Images for object localization

%%

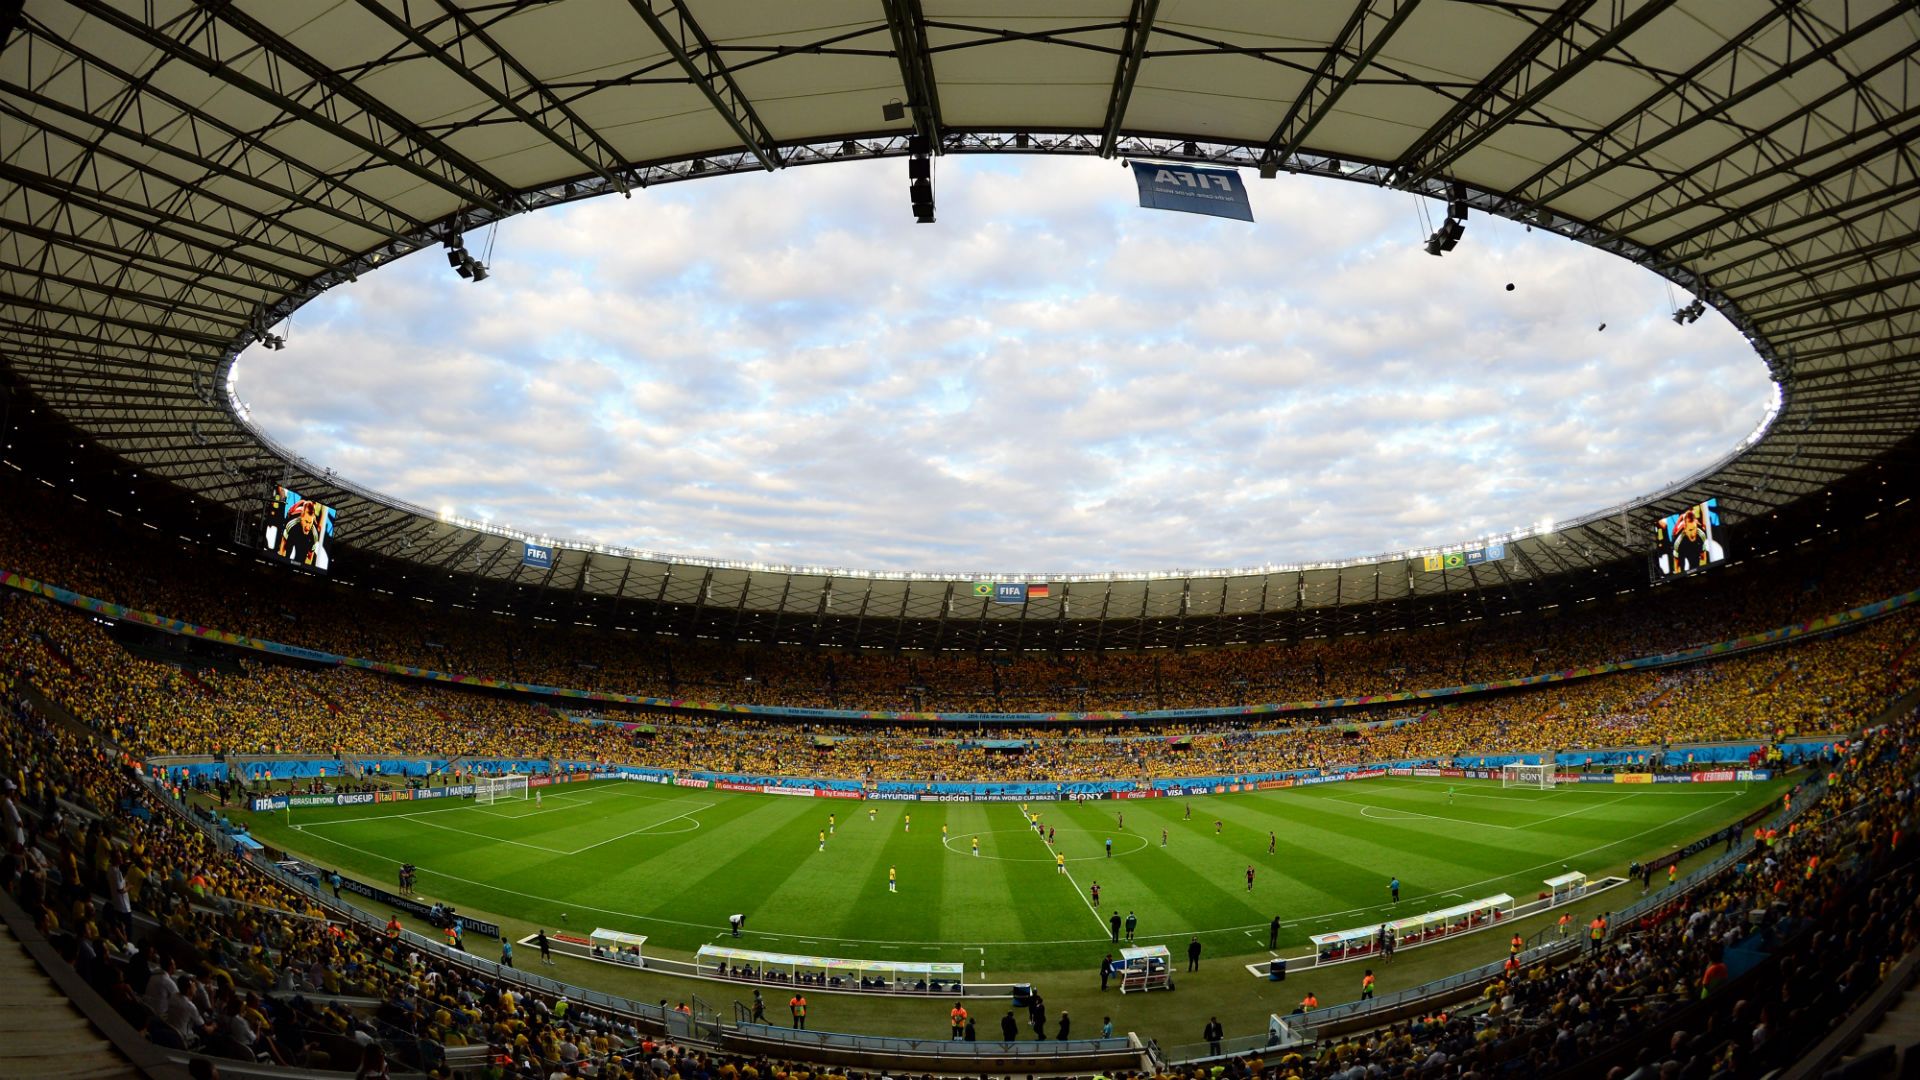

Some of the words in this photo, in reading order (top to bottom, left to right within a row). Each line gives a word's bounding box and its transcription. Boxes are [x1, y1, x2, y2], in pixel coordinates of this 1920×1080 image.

[527, 548, 547, 560] FIFA
[1000, 587, 1020, 595] FIFA
[628, 773, 658, 782] MARFRIG
[1304, 777, 1324, 785] YINGLI
[1520, 773, 1542, 781] SONY
[940, 794, 970, 802] adidas
[344, 881, 372, 897] adidas
[464, 920, 499, 936] UNDAI

%%

■ **Task instructions**:
Word for word, restate each line above, minus its pictures.

■ **Response area**:
Some of the words in this photo, in reading order (top to bottom, left to right within a row). Each line gives a word's bounding box and its transcription. Boxes are [x1, y1, x2, y2], in pixel coordinates of this 1920×1080 image.

[527, 548, 547, 560] FIFA
[1000, 587, 1020, 595] FIFA
[628, 773, 658, 782] MARFRIG
[1304, 777, 1324, 785] YINGLI
[1520, 773, 1542, 781] SONY
[940, 794, 970, 802] adidas
[344, 881, 372, 897] adidas
[464, 920, 499, 936] UNDAI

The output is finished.